## EXERCISE DETAILS
A word-for-word restatement of every entry is what is needed here.

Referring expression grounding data
╭──
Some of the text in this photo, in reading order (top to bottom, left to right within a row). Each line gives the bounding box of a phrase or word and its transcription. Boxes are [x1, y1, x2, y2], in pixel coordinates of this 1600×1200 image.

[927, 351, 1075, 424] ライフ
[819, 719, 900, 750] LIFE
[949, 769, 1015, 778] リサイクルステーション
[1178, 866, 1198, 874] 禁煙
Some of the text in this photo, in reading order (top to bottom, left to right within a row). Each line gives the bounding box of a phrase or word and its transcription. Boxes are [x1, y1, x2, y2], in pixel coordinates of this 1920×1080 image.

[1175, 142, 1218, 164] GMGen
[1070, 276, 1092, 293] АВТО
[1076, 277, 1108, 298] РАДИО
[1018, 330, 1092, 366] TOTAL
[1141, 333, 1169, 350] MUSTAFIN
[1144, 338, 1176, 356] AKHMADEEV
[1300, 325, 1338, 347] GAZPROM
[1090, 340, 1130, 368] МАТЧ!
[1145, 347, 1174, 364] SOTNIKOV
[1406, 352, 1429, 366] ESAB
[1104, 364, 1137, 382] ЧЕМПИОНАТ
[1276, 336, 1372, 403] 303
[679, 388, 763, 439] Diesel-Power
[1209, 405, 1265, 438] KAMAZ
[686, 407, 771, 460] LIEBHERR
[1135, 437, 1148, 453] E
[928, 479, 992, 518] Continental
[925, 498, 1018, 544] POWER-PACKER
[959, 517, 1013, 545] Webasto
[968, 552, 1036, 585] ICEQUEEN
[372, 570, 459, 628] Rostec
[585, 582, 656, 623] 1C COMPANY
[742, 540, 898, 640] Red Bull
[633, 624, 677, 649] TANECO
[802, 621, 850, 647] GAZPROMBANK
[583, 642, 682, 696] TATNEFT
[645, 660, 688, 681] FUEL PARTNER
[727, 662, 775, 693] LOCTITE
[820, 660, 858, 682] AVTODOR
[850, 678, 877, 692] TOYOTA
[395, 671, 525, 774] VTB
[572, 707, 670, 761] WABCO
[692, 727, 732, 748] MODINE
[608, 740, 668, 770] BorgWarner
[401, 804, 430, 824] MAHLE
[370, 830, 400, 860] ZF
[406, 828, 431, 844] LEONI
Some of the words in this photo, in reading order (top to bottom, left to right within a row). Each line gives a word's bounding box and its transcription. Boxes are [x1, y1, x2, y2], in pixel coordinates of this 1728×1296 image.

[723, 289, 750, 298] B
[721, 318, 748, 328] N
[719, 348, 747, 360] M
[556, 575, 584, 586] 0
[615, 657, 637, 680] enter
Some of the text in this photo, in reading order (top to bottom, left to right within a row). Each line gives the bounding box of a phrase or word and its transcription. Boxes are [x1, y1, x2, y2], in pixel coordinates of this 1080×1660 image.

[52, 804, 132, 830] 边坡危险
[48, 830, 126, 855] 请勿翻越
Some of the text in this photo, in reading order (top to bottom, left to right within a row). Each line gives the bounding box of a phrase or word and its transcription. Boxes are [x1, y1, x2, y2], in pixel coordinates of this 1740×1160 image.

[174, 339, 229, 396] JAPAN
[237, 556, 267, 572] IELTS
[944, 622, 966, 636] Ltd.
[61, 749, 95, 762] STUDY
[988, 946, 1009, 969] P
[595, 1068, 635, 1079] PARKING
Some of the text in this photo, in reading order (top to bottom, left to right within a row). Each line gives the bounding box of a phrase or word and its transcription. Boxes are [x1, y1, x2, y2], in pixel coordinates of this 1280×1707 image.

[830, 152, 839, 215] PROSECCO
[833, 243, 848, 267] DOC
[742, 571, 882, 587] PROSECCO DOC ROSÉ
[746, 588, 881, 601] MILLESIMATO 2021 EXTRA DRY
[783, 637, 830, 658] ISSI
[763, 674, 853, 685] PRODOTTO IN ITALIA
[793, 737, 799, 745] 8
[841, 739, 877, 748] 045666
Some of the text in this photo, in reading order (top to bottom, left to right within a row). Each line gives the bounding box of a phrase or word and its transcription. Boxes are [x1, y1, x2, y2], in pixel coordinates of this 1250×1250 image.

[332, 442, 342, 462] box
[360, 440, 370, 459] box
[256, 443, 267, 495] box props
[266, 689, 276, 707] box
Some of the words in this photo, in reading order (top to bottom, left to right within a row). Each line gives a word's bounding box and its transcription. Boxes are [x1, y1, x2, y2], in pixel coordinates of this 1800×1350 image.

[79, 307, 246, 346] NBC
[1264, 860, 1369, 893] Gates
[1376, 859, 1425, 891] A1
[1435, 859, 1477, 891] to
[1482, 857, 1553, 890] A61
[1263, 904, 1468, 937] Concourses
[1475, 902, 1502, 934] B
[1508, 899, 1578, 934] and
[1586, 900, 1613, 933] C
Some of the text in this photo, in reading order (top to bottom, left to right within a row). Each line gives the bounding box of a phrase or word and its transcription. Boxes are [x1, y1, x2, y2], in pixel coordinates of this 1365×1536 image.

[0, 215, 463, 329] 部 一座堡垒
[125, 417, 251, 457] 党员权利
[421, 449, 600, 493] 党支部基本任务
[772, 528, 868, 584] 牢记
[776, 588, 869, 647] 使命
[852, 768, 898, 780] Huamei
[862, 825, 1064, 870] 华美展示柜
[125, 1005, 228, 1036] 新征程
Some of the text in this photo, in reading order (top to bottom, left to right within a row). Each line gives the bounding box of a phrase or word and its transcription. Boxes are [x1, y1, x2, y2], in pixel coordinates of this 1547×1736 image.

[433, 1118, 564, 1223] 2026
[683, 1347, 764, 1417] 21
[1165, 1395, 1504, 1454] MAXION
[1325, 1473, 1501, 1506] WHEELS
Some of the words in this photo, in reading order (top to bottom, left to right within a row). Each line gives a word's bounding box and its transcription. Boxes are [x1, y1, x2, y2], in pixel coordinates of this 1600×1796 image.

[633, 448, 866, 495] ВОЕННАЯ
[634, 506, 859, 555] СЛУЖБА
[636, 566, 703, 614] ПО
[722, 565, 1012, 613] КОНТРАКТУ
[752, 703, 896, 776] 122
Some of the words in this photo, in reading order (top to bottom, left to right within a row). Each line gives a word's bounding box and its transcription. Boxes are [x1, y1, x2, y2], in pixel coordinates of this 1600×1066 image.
╰──
## TASK SOLUTION
Some of the text in this photo, in reading order (top to bottom, left to right within a row). Each line gives the bounding box of a phrase or word and its transcription. Boxes are [x1, y1, x2, y2], in pixel coordinates of this 1600×1200 image.

[927, 351, 1075, 424] ライフ
[819, 719, 900, 750] LIFE
[949, 769, 1015, 778] リサイクルステーション
[1178, 866, 1198, 874] 禁煙
Some of the text in this photo, in reading order (top to bottom, left to right within a row). Each line gives the bounding box of a phrase or word and its transcription. Boxes are [x1, y1, x2, y2], in pixel coordinates of this 1920×1080 image.

[1175, 142, 1218, 164] GMGen
[1070, 276, 1092, 293] АВТО
[1076, 277, 1108, 298] РАДИО
[1018, 330, 1092, 366] TOTAL
[1141, 333, 1169, 350] MUSTAFIN
[1144, 338, 1176, 356] AKHMADEEV
[1300, 325, 1338, 347] GAZPROM
[1090, 340, 1130, 368] МАТЧ!
[1145, 347, 1174, 364] SOTNIKOV
[1406, 352, 1429, 366] ESAB
[1104, 364, 1137, 382] ЧЕМПИОНАТ
[1276, 336, 1372, 403] 303
[679, 388, 763, 439] Diesel-Power
[1209, 405, 1265, 438] KAMAZ
[686, 407, 771, 460] LIEBHERR
[1135, 437, 1148, 453] E
[928, 479, 992, 518] Continental
[925, 498, 1018, 544] POWER-PACKER
[959, 517, 1013, 545] Webasto
[968, 552, 1036, 585] ICEQUEEN
[372, 570, 459, 628] Rostec
[585, 582, 656, 623] 1C COMPANY
[742, 540, 898, 640] Red Bull
[633, 624, 677, 649] TANECO
[802, 621, 850, 647] GAZPROMBANK
[583, 642, 682, 696] TATNEFT
[645, 660, 688, 681] FUEL PARTNER
[727, 662, 775, 693] LOCTITE
[820, 660, 858, 682] AVTODOR
[850, 678, 877, 692] TOYOTA
[395, 671, 525, 774] VTB
[572, 707, 670, 761] WABCO
[692, 727, 732, 748] MODINE
[608, 740, 668, 770] BorgWarner
[401, 804, 430, 824] MAHLE
[370, 830, 400, 860] ZF
[406, 828, 431, 844] LEONI
Some of the words in this photo, in reading order (top to bottom, left to right within a row). Each line gives a word's bounding box and its transcription. Boxes are [x1, y1, x2, y2], in pixel coordinates of this 1728×1296 image.

[723, 289, 750, 298] B
[721, 318, 748, 328] N
[719, 348, 747, 360] M
[556, 575, 584, 586] 0
[615, 657, 637, 680] enter
Some of the text in this photo, in reading order (top to bottom, left to right within a row). Each line gives the bounding box of a phrase or word and its transcription. Boxes are [x1, y1, x2, y2], in pixel coordinates of this 1080×1660 image.

[52, 804, 132, 830] 边坡危险
[48, 830, 126, 855] 请勿翻越
Some of the text in this photo, in reading order (top to bottom, left to right within a row). Each line gives the bounding box of a phrase or word and its transcription. Boxes are [x1, y1, x2, y2], in pixel coordinates of this 1740×1160 image.

[174, 339, 229, 396] JAPAN
[237, 556, 267, 572] IELTS
[944, 622, 966, 636] Ltd.
[61, 749, 95, 762] STUDY
[988, 946, 1009, 969] P
[595, 1068, 635, 1079] PARKING
Some of the text in this photo, in reading order (top to bottom, left to right within a row). Each line gives the bounding box of a phrase or word and its transcription. Boxes are [x1, y1, x2, y2], in pixel coordinates of this 1280×1707 image.

[830, 152, 839, 215] PROSECCO
[833, 243, 848, 267] DOC
[742, 571, 882, 587] PROSECCO DOC ROSÉ
[746, 588, 881, 601] MILLESIMATO 2021 EXTRA DRY
[783, 637, 830, 658] ISSI
[763, 674, 853, 685] PRODOTTO IN ITALIA
[793, 737, 799, 745] 8
[841, 739, 877, 748] 045666
Some of the text in this photo, in reading order (top to bottom, left to right within a row). Each line gives the bounding box of a phrase or word and its transcription. Boxes are [x1, y1, x2, y2], in pixel coordinates of this 1250×1250 image.

[332, 442, 342, 462] box
[360, 440, 370, 459] box
[256, 443, 267, 495] box props
[266, 689, 276, 707] box
Some of the words in this photo, in reading order (top to bottom, left to right within a row). Each line gives a word's bounding box and its transcription. Boxes are [x1, y1, x2, y2], in pixel coordinates of this 1800×1350 image.

[79, 307, 246, 346] NBC
[1264, 860, 1369, 893] Gates
[1376, 859, 1425, 891] A1
[1435, 859, 1477, 891] to
[1482, 857, 1553, 890] A61
[1263, 904, 1468, 937] Concourses
[1475, 902, 1502, 934] B
[1508, 899, 1578, 934] and
[1586, 900, 1613, 933] C
Some of the text in this photo, in reading order (top to bottom, left to right within a row). Each line gives the bounding box of a phrase or word and its transcription. Boxes are [x1, y1, x2, y2], in pixel coordinates of this 1365×1536 image.

[0, 215, 463, 329] 部 一座堡垒
[125, 417, 251, 457] 党员权利
[421, 449, 600, 493] 党支部基本任务
[772, 528, 868, 584] 牢记
[776, 588, 869, 647] 使命
[852, 768, 898, 780] Huamei
[862, 825, 1064, 870] 华美展示柜
[125, 1005, 228, 1036] 新征程
Some of the text in this photo, in reading order (top to bottom, left to right within a row). Each line gives the bounding box of a phrase or word and its transcription. Boxes are [x1, y1, x2, y2], in pixel coordinates of this 1547×1736 image.

[433, 1118, 564, 1223] 2026
[683, 1347, 764, 1417] 21
[1165, 1395, 1504, 1454] MAXION
[1325, 1473, 1501, 1506] WHEELS
Some of the words in this photo, in reading order (top to bottom, left to right within a row). Each line gives a word's bounding box and its transcription. Boxes are [x1, y1, x2, y2], in pixel coordinates of this 1600×1796 image.

[633, 448, 866, 495] ВОЕННАЯ
[634, 506, 859, 555] СЛУЖБА
[636, 566, 703, 614] ПО
[722, 565, 1012, 613] КОНТРАКТУ
[752, 703, 896, 776] 122
Some of the words in this photo, in reading order (top to bottom, left to right within a row). Each line gives a word's bounding box and its transcription. Boxes are [x1, y1, x2, y2], in pixel coordinates of this 1600×1066 image.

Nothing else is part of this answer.